◆ What to do: What follows is a set of entries. Give them again exactly, without the pictures.

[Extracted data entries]
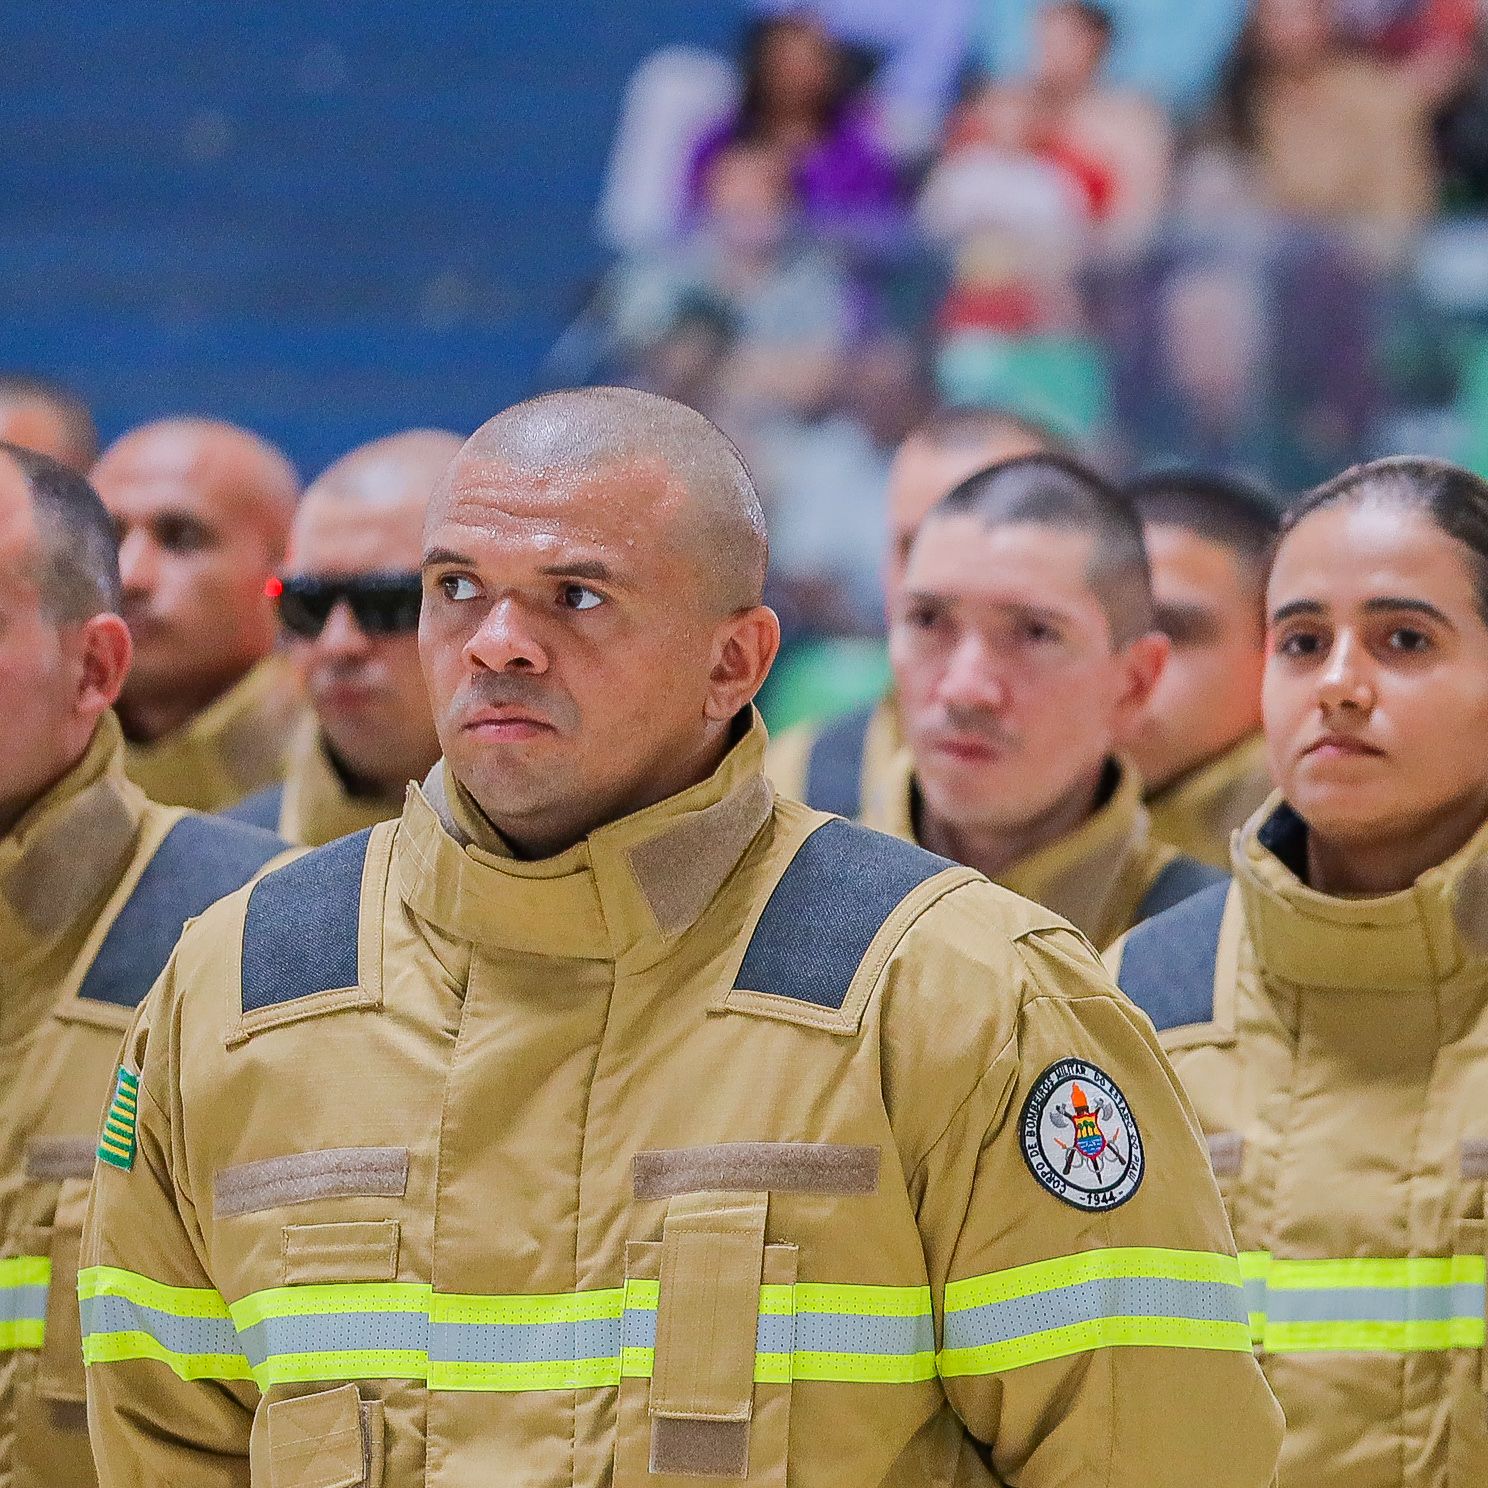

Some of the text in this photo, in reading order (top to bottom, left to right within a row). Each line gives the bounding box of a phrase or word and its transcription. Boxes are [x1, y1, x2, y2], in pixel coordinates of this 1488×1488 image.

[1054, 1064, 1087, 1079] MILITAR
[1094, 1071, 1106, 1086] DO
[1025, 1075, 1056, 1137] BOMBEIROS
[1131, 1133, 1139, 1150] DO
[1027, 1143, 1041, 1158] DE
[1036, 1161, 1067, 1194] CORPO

◆ Result below:
Some of the text in this photo, in reading order (top to bottom, left to right within a row). Each line gives the bounding box of a phrase or word and its transcription. Boxes are [x1, y1, x2, y2], in pixel coordinates of this 1488×1488 image.

[1054, 1064, 1087, 1079] MILITAR
[1094, 1071, 1106, 1086] DO
[1025, 1075, 1056, 1137] BOMBEIROS
[1131, 1133, 1139, 1150] DO
[1027, 1143, 1041, 1158] DE
[1036, 1161, 1067, 1194] CORPO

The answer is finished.